### EXERCISE INSTRUCTIONS
What you hand back must match the records word for word, with no pictures.

**** DATA FOR ANALYSIS ****

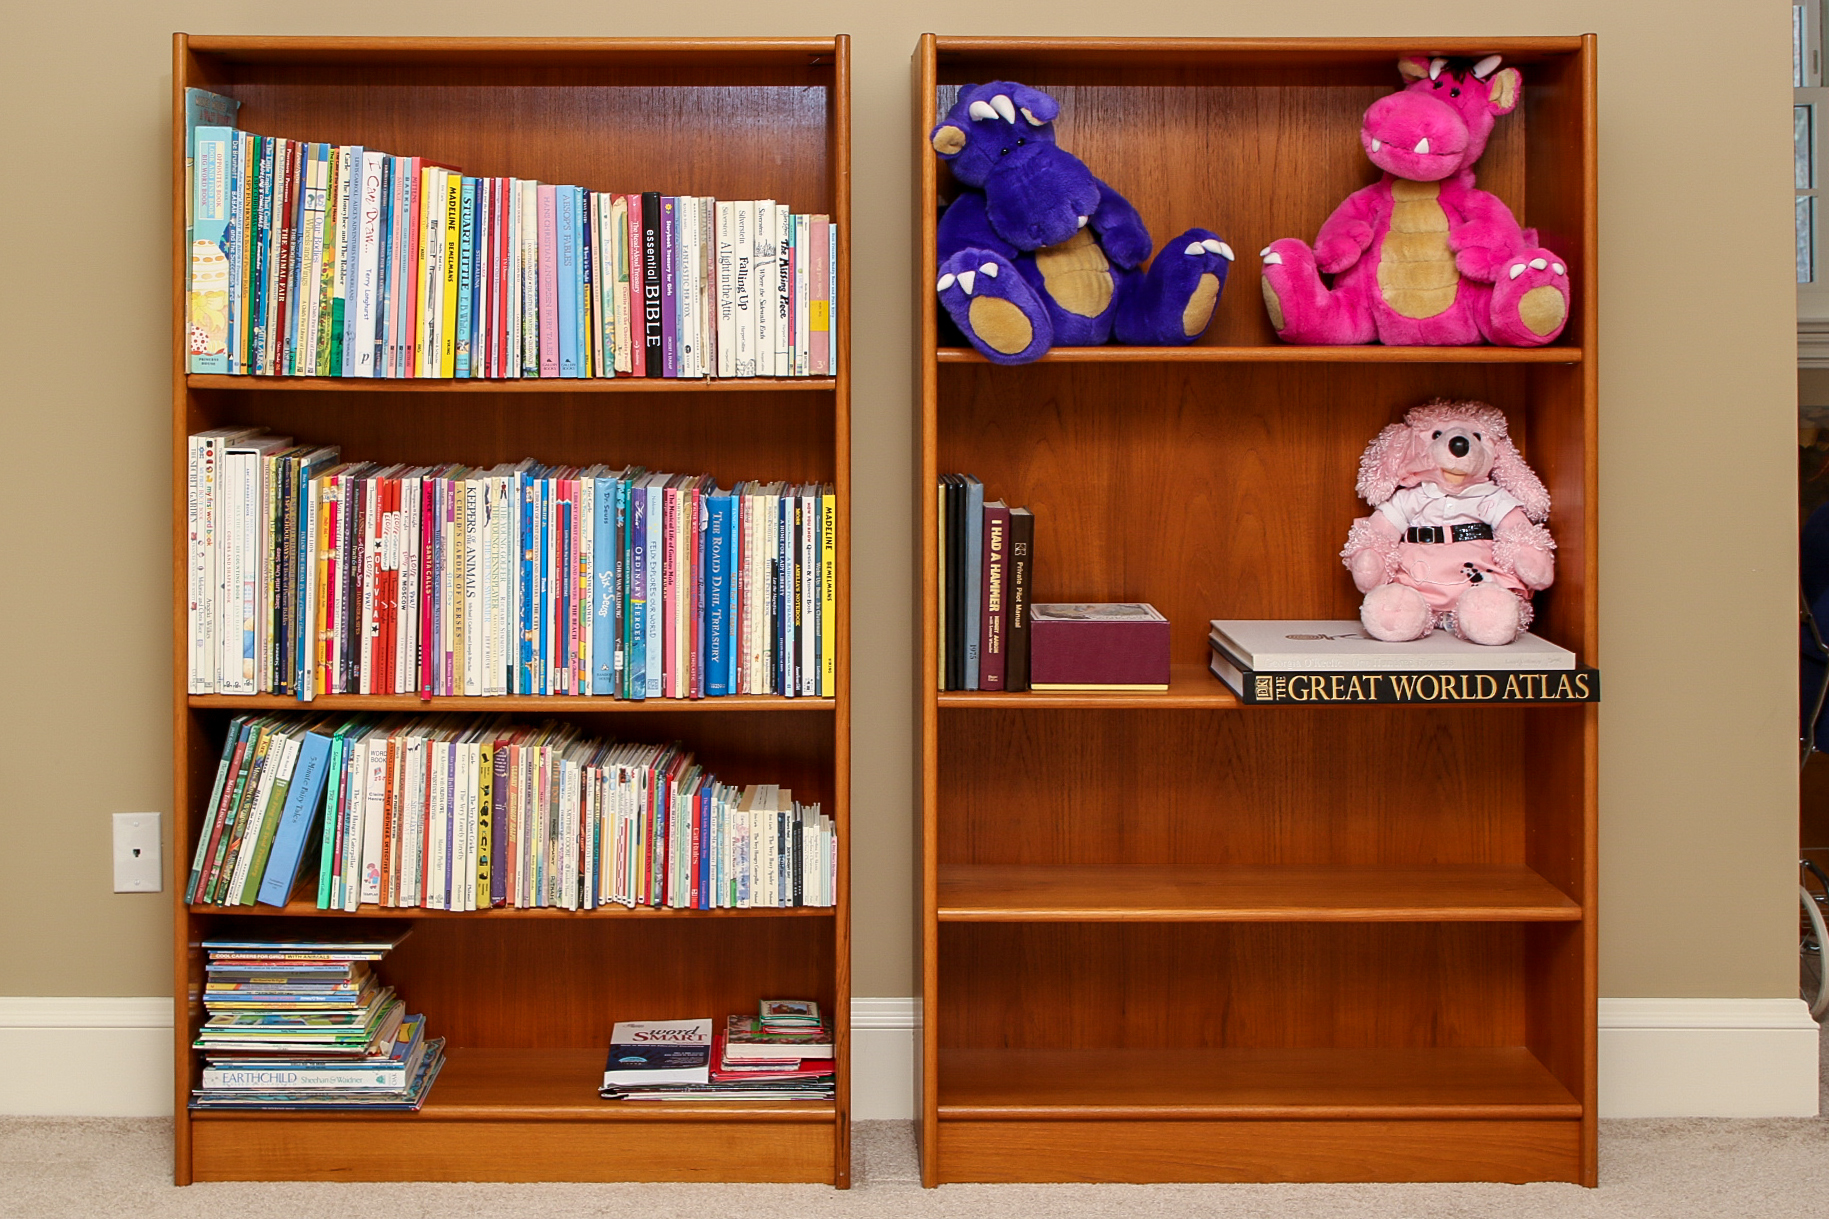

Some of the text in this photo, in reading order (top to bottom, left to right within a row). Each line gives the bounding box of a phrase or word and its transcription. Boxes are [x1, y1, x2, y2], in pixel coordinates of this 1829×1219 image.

[368, 159, 381, 171] I
[365, 176, 379, 203] Can
[563, 195, 572, 230] AESOP'S
[313, 217, 324, 262] Our Bodies
[461, 198, 472, 290] STUART LITTLE
[301, 218, 314, 286] Wheels and Wings
[718, 251, 732, 272] Light
[279, 248, 287, 280] ANIMAL
[737, 257, 749, 293] Falling
[778, 258, 789, 293] Missing
[646, 230, 660, 347] essential BIBLE
[722, 275, 731, 283] in
[363, 269, 372, 320] Terry Longhurst
[722, 285, 732, 299] the
[739, 295, 749, 310] Up
[722, 299, 732, 320] Attic
[780, 295, 789, 319] Piece
[460, 315, 468, 334] White
[205, 487, 212, 496] my
[467, 487, 476, 533] KEEPERS
[991, 527, 1002, 550] HAD
[991, 553, 1001, 561] A
[466, 547, 475, 598] ANIMALS
[599, 571, 612, 587] Six
[457, 584, 462, 595] OF
[711, 512, 722, 662] THE ROALD DAHL TREASURY
[990, 564, 1001, 611] HAMMER
[204, 598, 212, 618] Angela
[599, 594, 614, 617] Seuss
[1276, 674, 1590, 700] THE GREAT WORLD ATLAS
[292, 757, 317, 823] 5-Minute Fairy Tales
[350, 815, 358, 836] Hungry
[349, 838, 357, 868] Caterpillar
[633, 1032, 707, 1041] SMART
[650, 1026, 699, 1035] word
[223, 1073, 297, 1083] EARTHCHILD
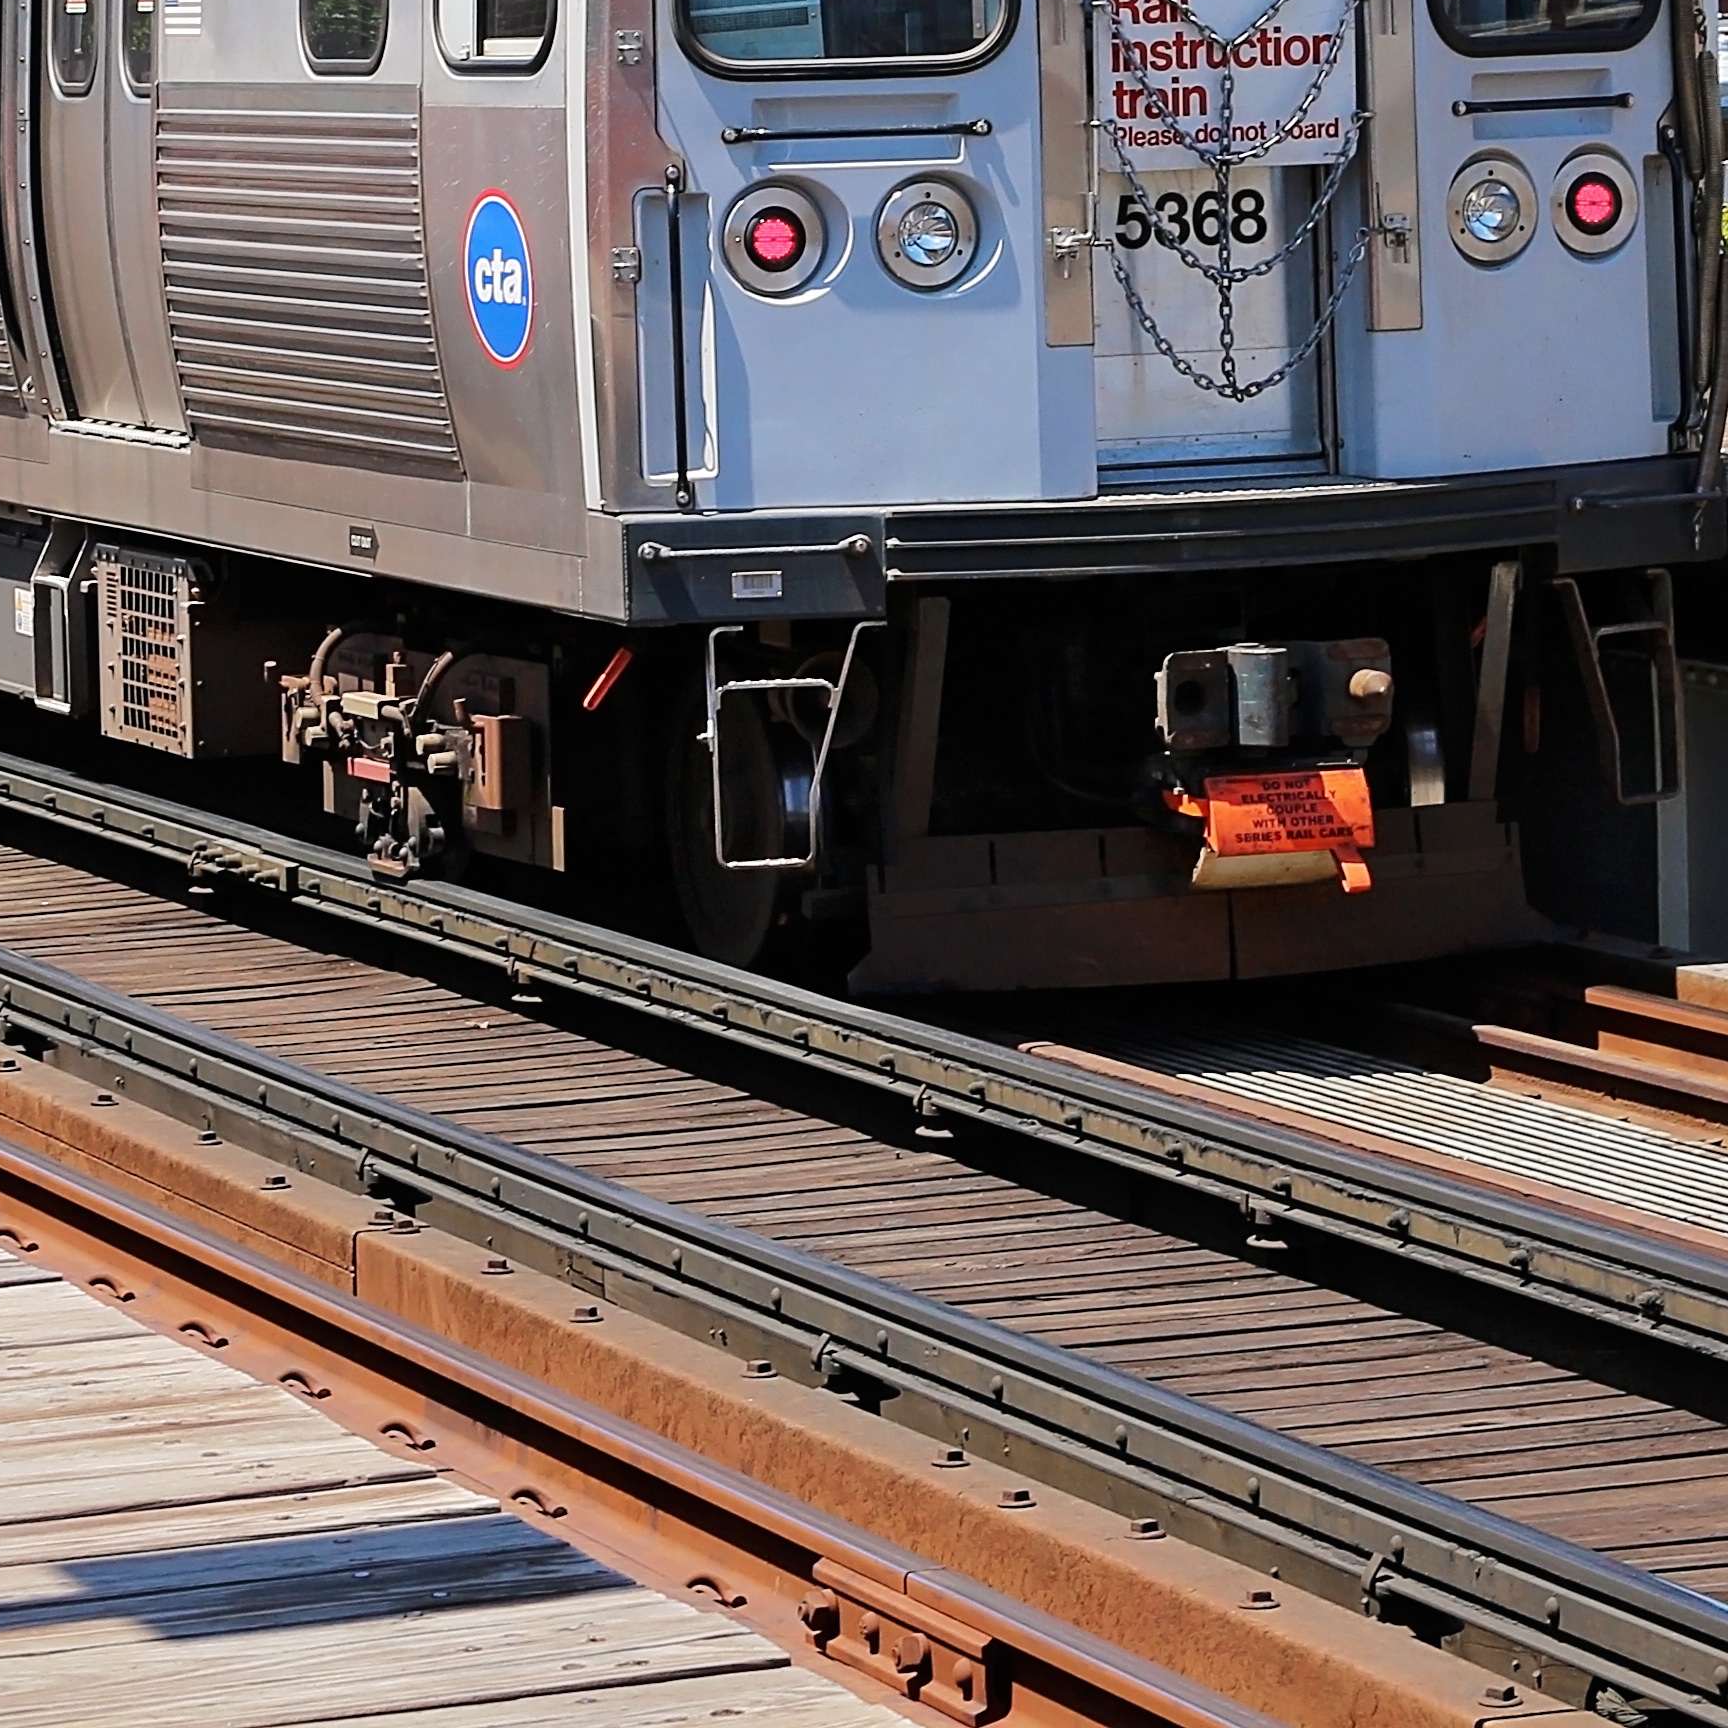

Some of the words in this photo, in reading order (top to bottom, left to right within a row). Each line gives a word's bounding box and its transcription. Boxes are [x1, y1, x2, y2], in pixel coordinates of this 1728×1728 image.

[1111, 26, 1338, 73] instruction
[1113, 76, 1207, 120] train
[1195, 123, 1223, 144] do
[1233, 121, 1267, 142] not
[1115, 189, 1268, 250] 5368
[474, 248, 523, 305] cta
[1262, 780, 1281, 791] DO
[1285, 779, 1309, 790] NOT
[1241, 790, 1336, 804] ELECTRICALLY
[1267, 803, 1318, 815] COUPLE
[1253, 818, 1286, 829] WITH
[1290, 815, 1334, 827] OTHER
[1235, 829, 1282, 843] SERIES
[1287, 828, 1315, 841] RAIL
[1320, 826, 1354, 838] CARS

****

### FINISHED TASK
Some of the text in this photo, in reading order (top to bottom, left to right within a row). Each line gives the bounding box of a phrase or word and its transcription. Boxes are [x1, y1, x2, y2], in pixel coordinates of this 1829×1219 image.

[368, 159, 381, 171] I
[365, 176, 379, 203] Can
[563, 195, 572, 230] AESOP'S
[313, 217, 324, 262] Our Bodies
[461, 198, 472, 290] STUART LITTLE
[301, 218, 314, 286] Wheels and Wings
[718, 251, 732, 272] Light
[279, 248, 287, 280] ANIMAL
[737, 257, 749, 293] Falling
[778, 258, 789, 293] Missing
[646, 230, 660, 347] essential BIBLE
[722, 275, 731, 283] in
[363, 269, 372, 320] Terry Longhurst
[722, 285, 732, 299] the
[739, 295, 749, 310] Up
[722, 299, 732, 320] Attic
[780, 295, 789, 319] Piece
[460, 315, 468, 334] White
[205, 487, 212, 496] my
[467, 487, 476, 533] KEEPERS
[991, 527, 1002, 550] HAD
[991, 553, 1001, 561] A
[466, 547, 475, 598] ANIMALS
[599, 571, 612, 587] Six
[457, 584, 462, 595] OF
[711, 512, 722, 662] THE ROALD DAHL TREASURY
[990, 564, 1001, 611] HAMMER
[204, 598, 212, 618] Angela
[599, 594, 614, 617] Seuss
[1276, 674, 1590, 700] THE GREAT WORLD ATLAS
[292, 757, 317, 823] 5-Minute Fairy Tales
[350, 815, 358, 836] Hungry
[349, 838, 357, 868] Caterpillar
[633, 1032, 707, 1041] SMART
[650, 1026, 699, 1035] word
[223, 1073, 297, 1083] EARTHCHILD

Some of the words in this photo, in reading order (top to bottom, left to right within a row). Each line gives a word's bounding box and its transcription. Boxes are [x1, y1, x2, y2], in pixel coordinates of this 1728×1728 image.

[1111, 26, 1338, 73] instruction
[1113, 76, 1207, 120] train
[1195, 123, 1223, 144] do
[1233, 121, 1267, 142] not
[1115, 189, 1268, 250] 5368
[474, 248, 523, 305] cta
[1262, 780, 1281, 791] DO
[1285, 779, 1309, 790] NOT
[1241, 790, 1336, 804] ELECTRICALLY
[1267, 803, 1318, 815] COUPLE
[1253, 818, 1286, 829] WITH
[1290, 815, 1334, 827] OTHER
[1235, 829, 1282, 843] SERIES
[1287, 828, 1315, 841] RAIL
[1320, 826, 1354, 838] CARS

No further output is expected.